With some regularity conditions maximum likelihood estimators (MLEs) always
produce asymptotically optimal (in the sense of consistency, efficiency,
sufficiency, and unbiasedness) estimators. But in general, the MLEs lead to
non-robust statistical inference, for example, pricing models and risk
measures. Actuarial claim severity is continuous, right-skewed, and frequently
heavy-tailed. The data sets that such models are usually fitted to contain
outliers that are difficult to identify and separate from genuine data.

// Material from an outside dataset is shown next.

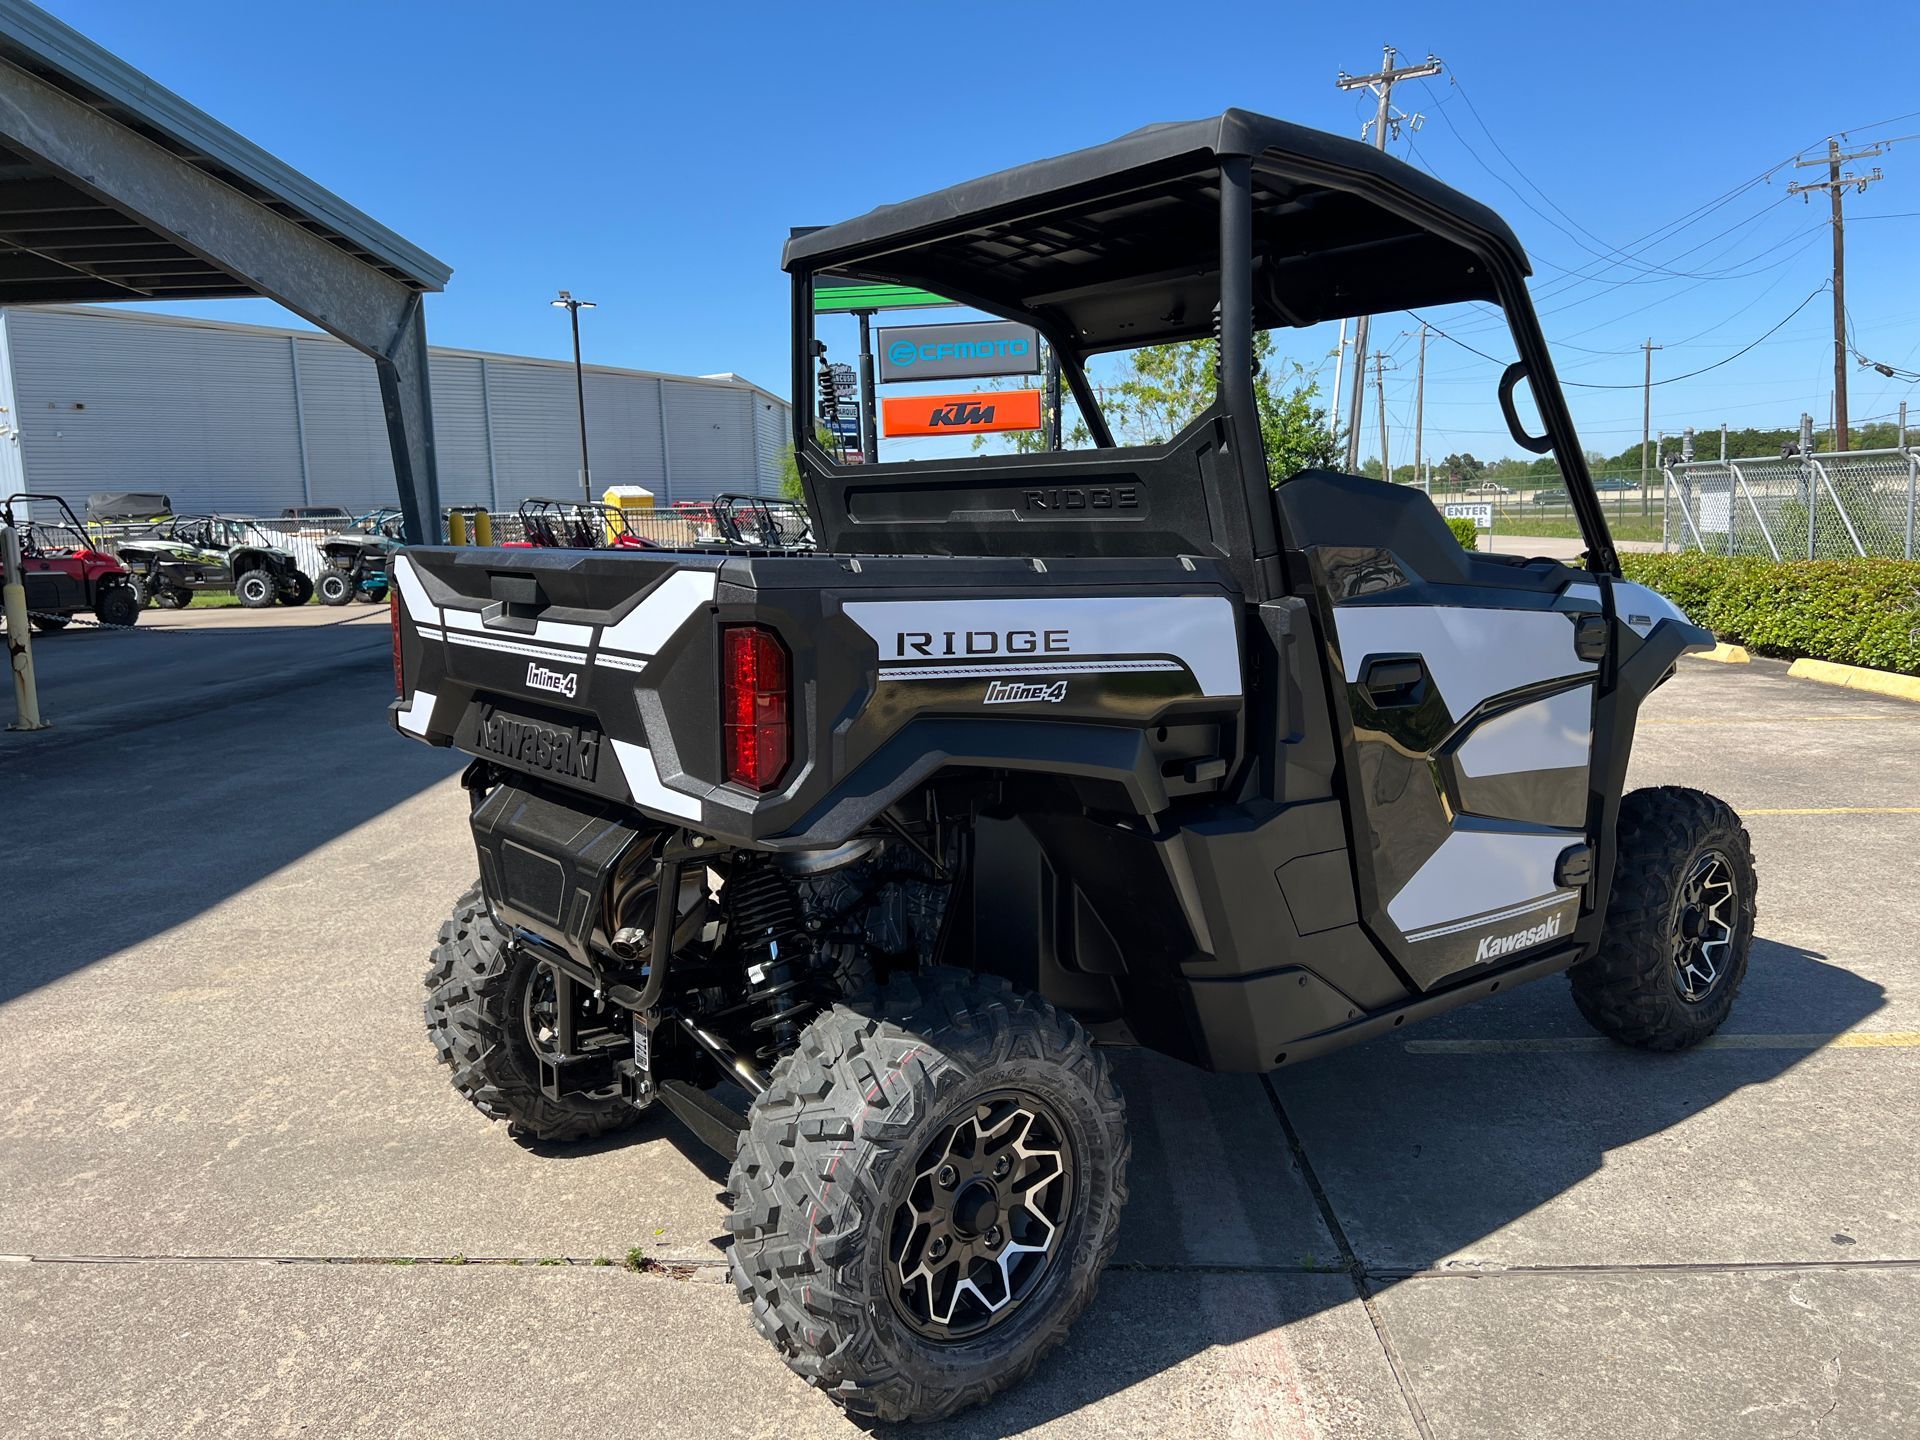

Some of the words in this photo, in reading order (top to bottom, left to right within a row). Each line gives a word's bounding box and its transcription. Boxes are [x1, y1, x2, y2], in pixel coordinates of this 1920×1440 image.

Moreover, due to commonly used actuarial “loss control strategies” in financial
and insurance industries, the random variables we observe and wish to model are
affected by truncation (due to deductibles), censoring (due to policy limits),
scaling (due to coinsurance proportions) and other transformations. To
alleviate the lack of robustness of MLE-based inference in risk modeling, here
in this paper, we propose and develop a new method of estimation – method of
truncated moments (MTuM) and generalize it for different scenarios of loss
control mechanism. Various asymptotic properties of those estimates are
established by using central limit theory. New connections between different
estimators are found. A comparative study of newly-designed methods with the
corresponding MLEs is performed. Detail investigation has been done for a
single parameter Pareto loss model including a simulation study.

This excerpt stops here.